Bonus BioGroup to Hold Pre-IND Meeting with FDA Focused on Proposed Clinical Trial in the US

Bonus BioGroup reports a Pre-IND (Preliminary Investigational New Drug) meeting to be held in December 2015 with the Food and Drug Administration (FDA) in order to discuss the development of the Company’s live human bone graft as treatment for craniomaxillofacial bone deficiencies. This meeting precedes submission of a full IND (Investigational New Drug) application.
As preparation for the meeting, Bonus BioGroup provided the FDA with a briefing package containing information on the biological properties and quality of the Company's product. Following the meeting, a comprehensive application will be submitted to the FDA to allow Bonus BioGroup to conduct a clinical trial for the repair of craniomaxillofacial bone deficiencies in the US.

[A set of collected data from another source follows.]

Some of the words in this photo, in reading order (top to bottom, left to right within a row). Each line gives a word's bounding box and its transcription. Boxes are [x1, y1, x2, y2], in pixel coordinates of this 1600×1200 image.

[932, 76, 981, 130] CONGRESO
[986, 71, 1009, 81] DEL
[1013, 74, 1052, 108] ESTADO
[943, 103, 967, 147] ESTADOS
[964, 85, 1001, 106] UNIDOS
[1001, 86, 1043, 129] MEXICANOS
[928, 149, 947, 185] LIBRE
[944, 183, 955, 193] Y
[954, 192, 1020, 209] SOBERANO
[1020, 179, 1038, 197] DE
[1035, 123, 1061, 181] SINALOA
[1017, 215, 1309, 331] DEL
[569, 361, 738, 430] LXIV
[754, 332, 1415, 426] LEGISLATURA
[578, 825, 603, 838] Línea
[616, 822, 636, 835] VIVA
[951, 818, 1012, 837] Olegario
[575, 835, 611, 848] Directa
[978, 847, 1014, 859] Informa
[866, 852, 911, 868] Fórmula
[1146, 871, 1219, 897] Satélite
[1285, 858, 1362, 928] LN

In April 2014, Bonus BioGroup commenced a clinical trial designed to test the safety and efficacy of its product in the repair of upper and lower jawbone defects by the Company's live human bone graft.

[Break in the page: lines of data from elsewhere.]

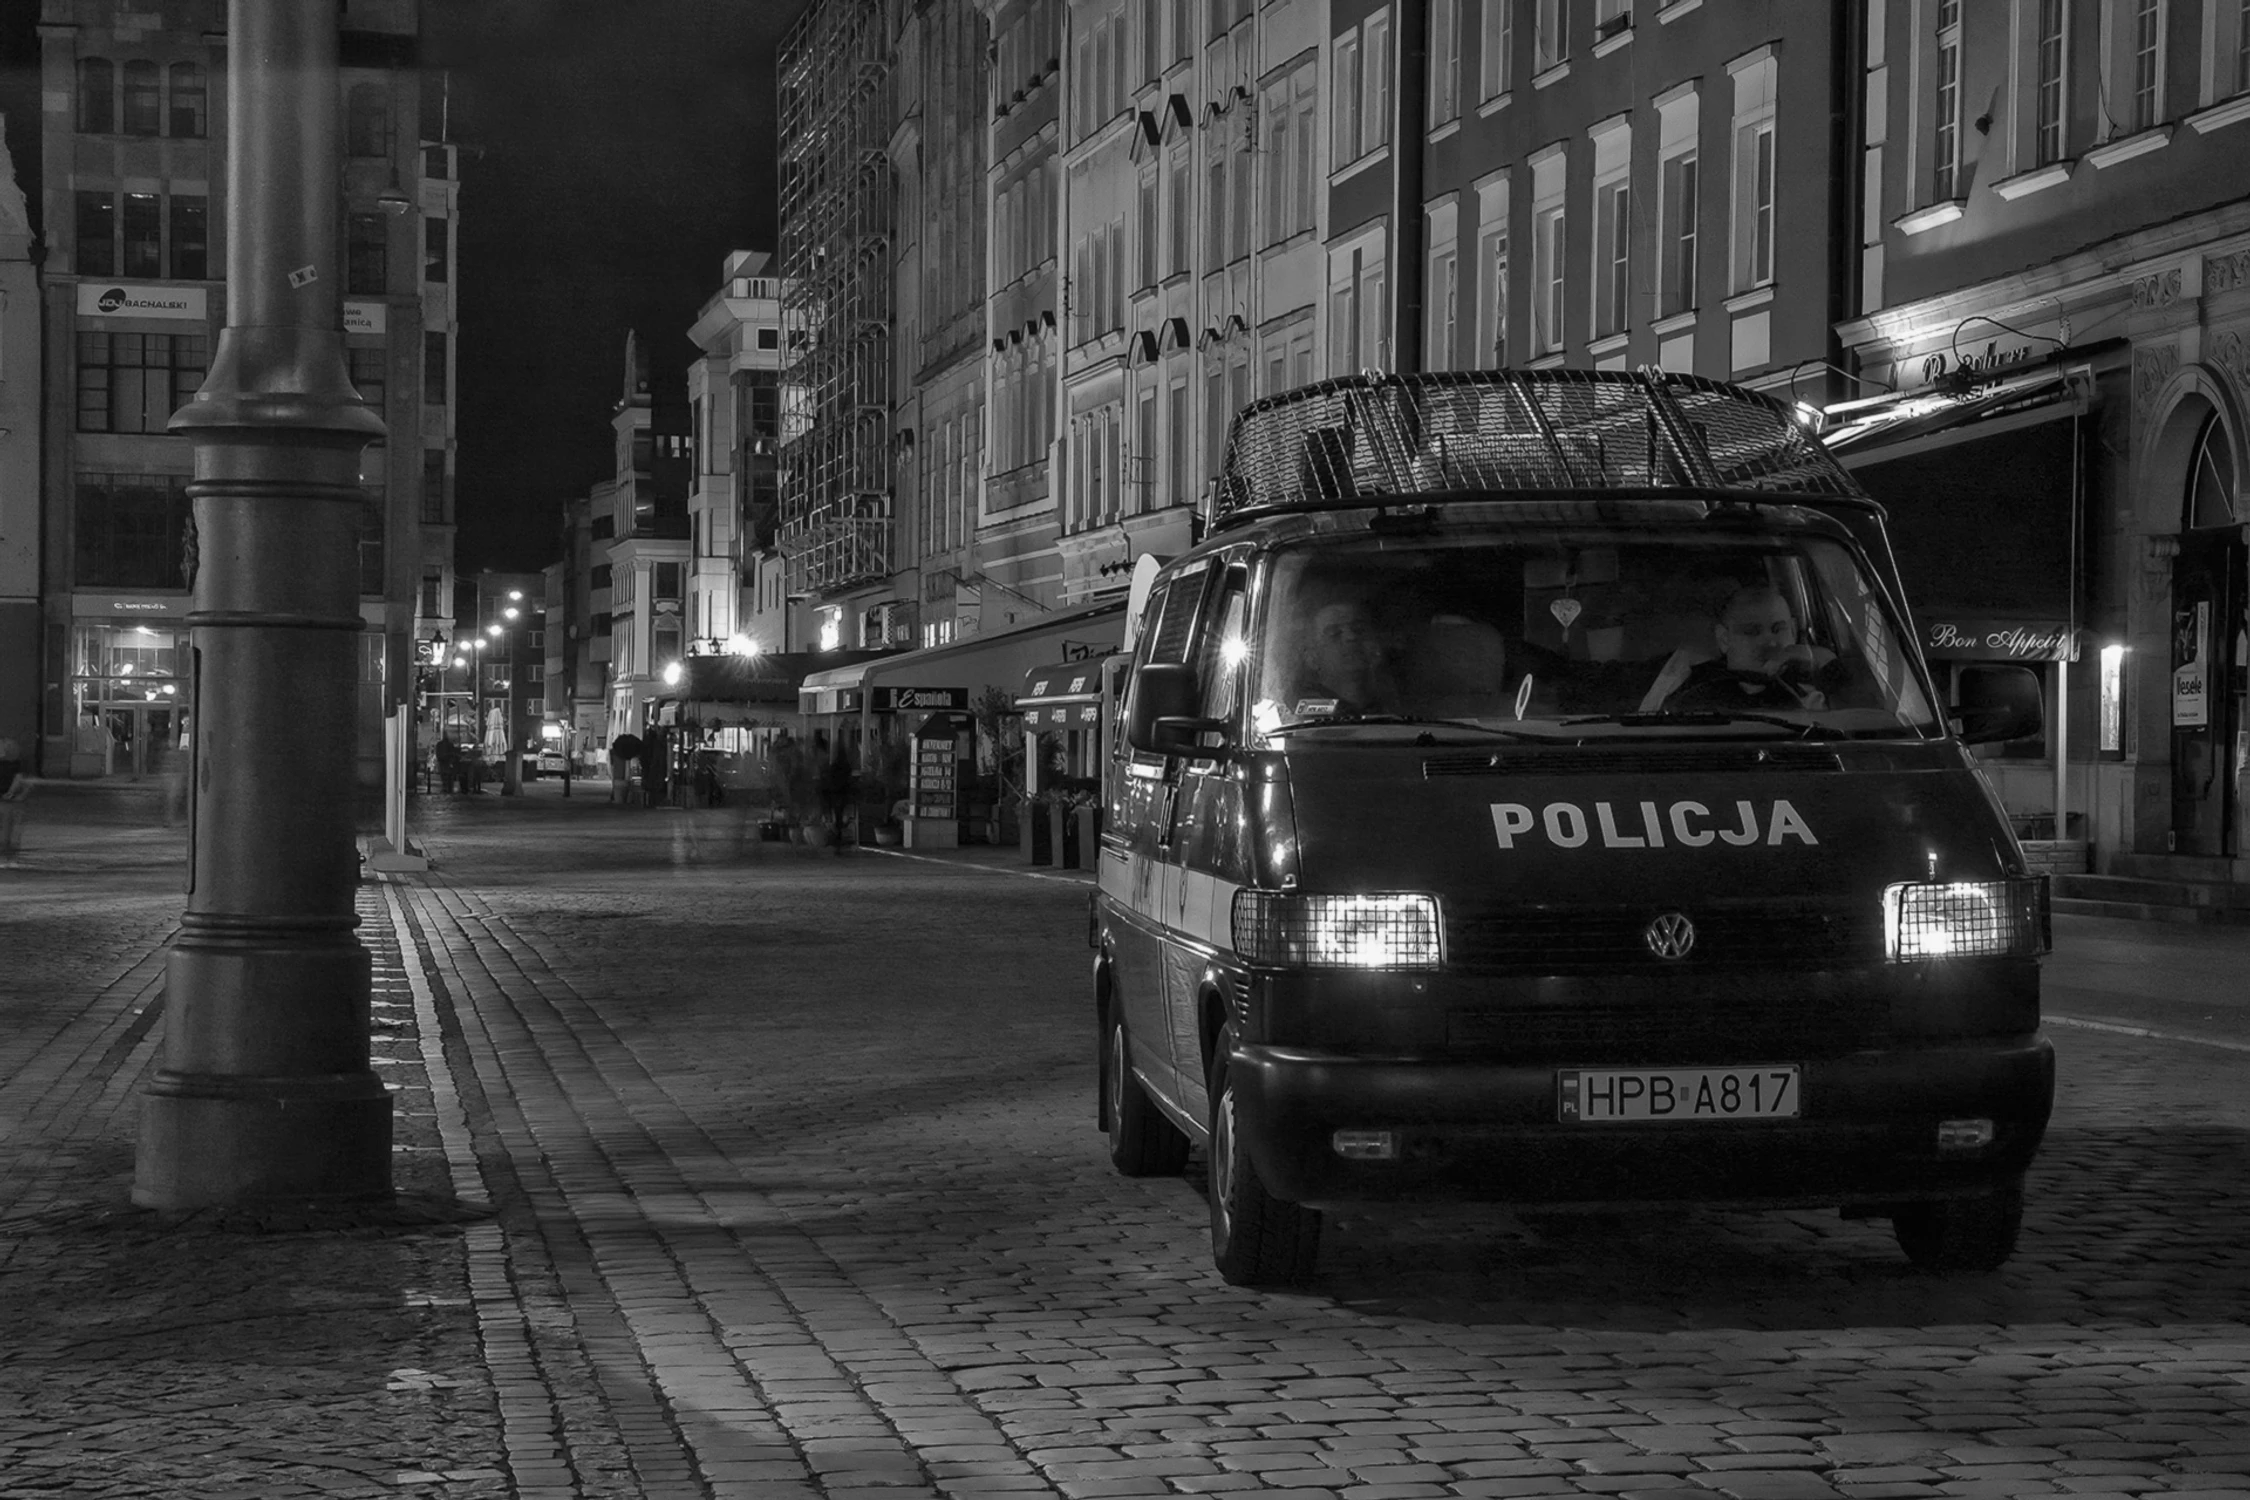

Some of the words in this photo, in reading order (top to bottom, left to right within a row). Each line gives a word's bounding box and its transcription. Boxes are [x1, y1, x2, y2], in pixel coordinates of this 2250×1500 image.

[124, 299, 188, 309] BACHALSKI
[1929, 623, 1977, 648] Bon
[1490, 800, 1819, 848] POLICJA
[1587, 1075, 1677, 1116] HPB
[1693, 1072, 1792, 1115] A817
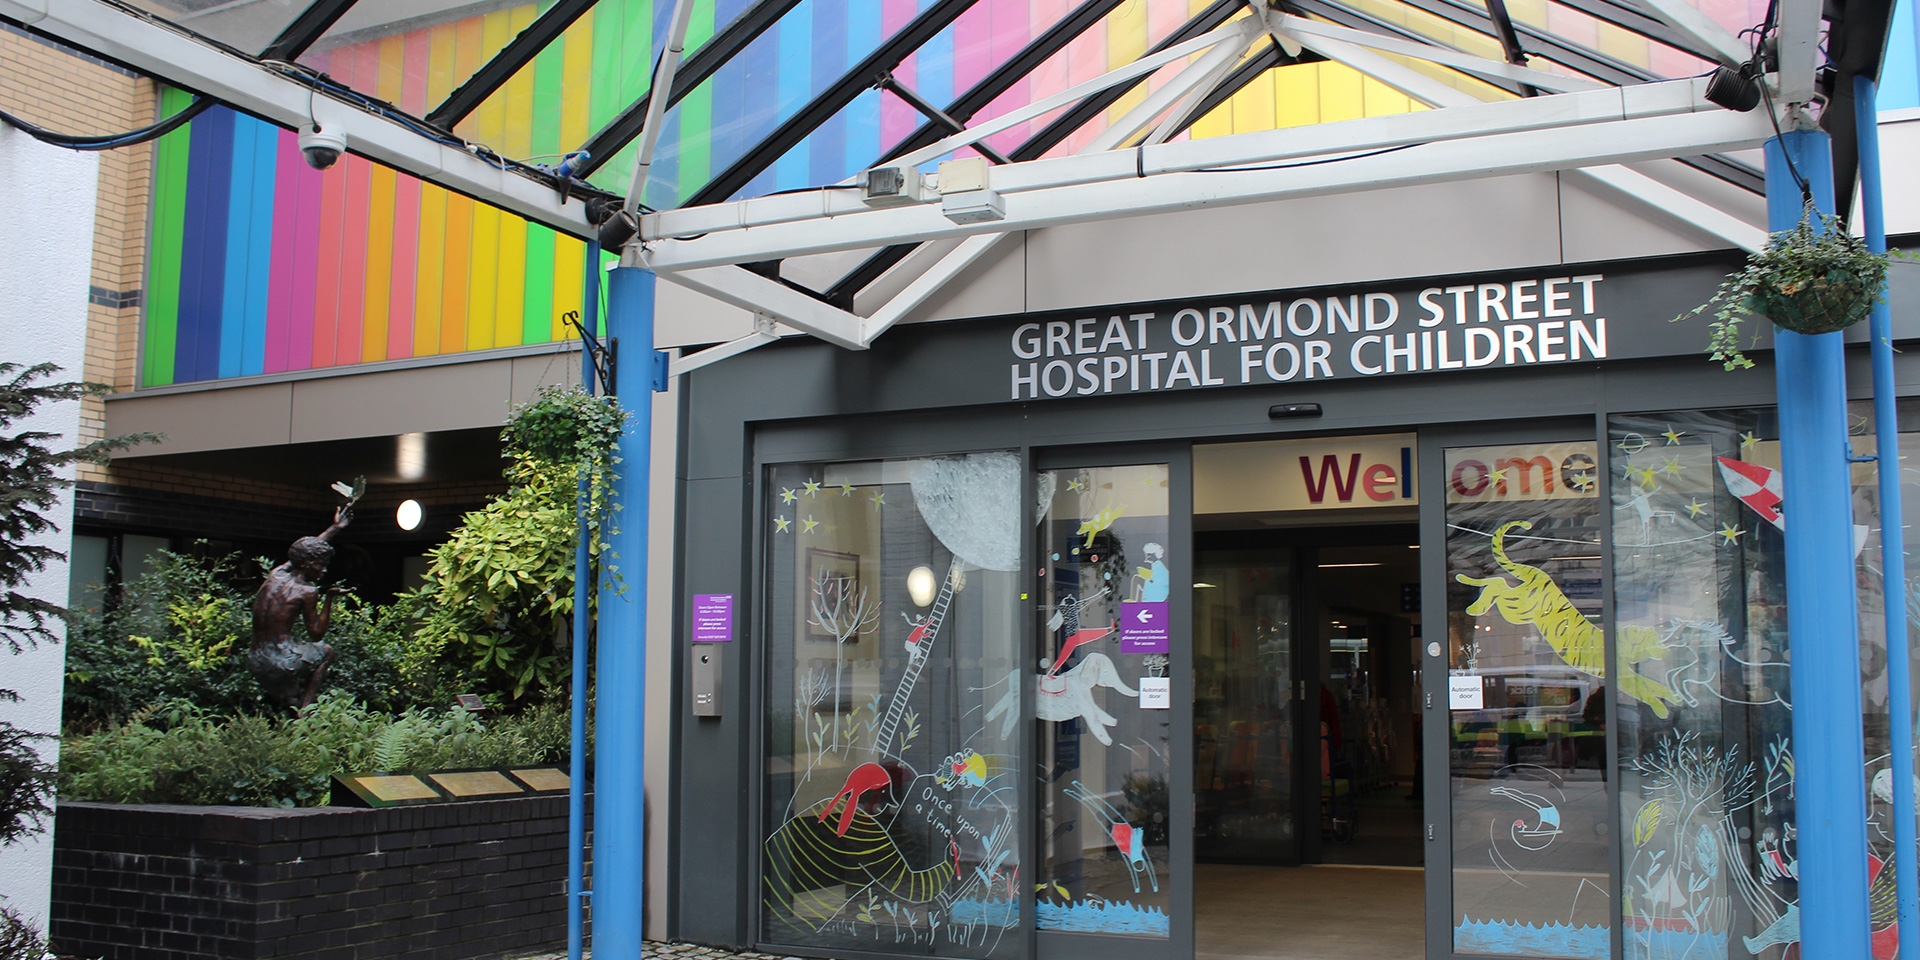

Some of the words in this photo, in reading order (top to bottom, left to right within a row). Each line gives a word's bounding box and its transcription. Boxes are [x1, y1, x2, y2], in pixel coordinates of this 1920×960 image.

[1011, 313, 1155, 359] GREAT
[1171, 292, 1399, 346] ORMOND
[1418, 274, 1604, 328] STREET
[1011, 349, 1224, 400] HOSPITAL
[1240, 340, 1334, 383] FOR
[1350, 318, 1607, 375] CHILDREN
[1299, 446, 1597, 504] Welome
[915, 803, 923, 814] a
[922, 787, 952, 814] Once
[956, 815, 980, 840] upon

The clinical trial for the repair of craniomaxillofacial bone deficiencies is aimed at evaluating the safety and efficacy of Bonus BioGroup's live human bone graft across all craniomaxillofacial bone lacks, and will not be limited to the upper or lower jawbone. Broadening the array of clinical indications may expand the treatment options available to potential patients and cover more complex medical conditions.
Within the clinical trial for the repair of upper and lower jawbone defects, the Company utilized for the first time its injectable graft. This modality facilitates the surgical procedure by reducing the number and complexity of the required intervention and also hastens the rehabilitation process experienced by the patient.
Within the clinical trial for the repair of craniomaxillofacial bone deficiencies, the Company plans to employ its second generation injectable graft, which was developed to exhibit enhanced properties, including shorter manufacturing period, reduced manual processing, lower manufacturing costs and suitability for mass production.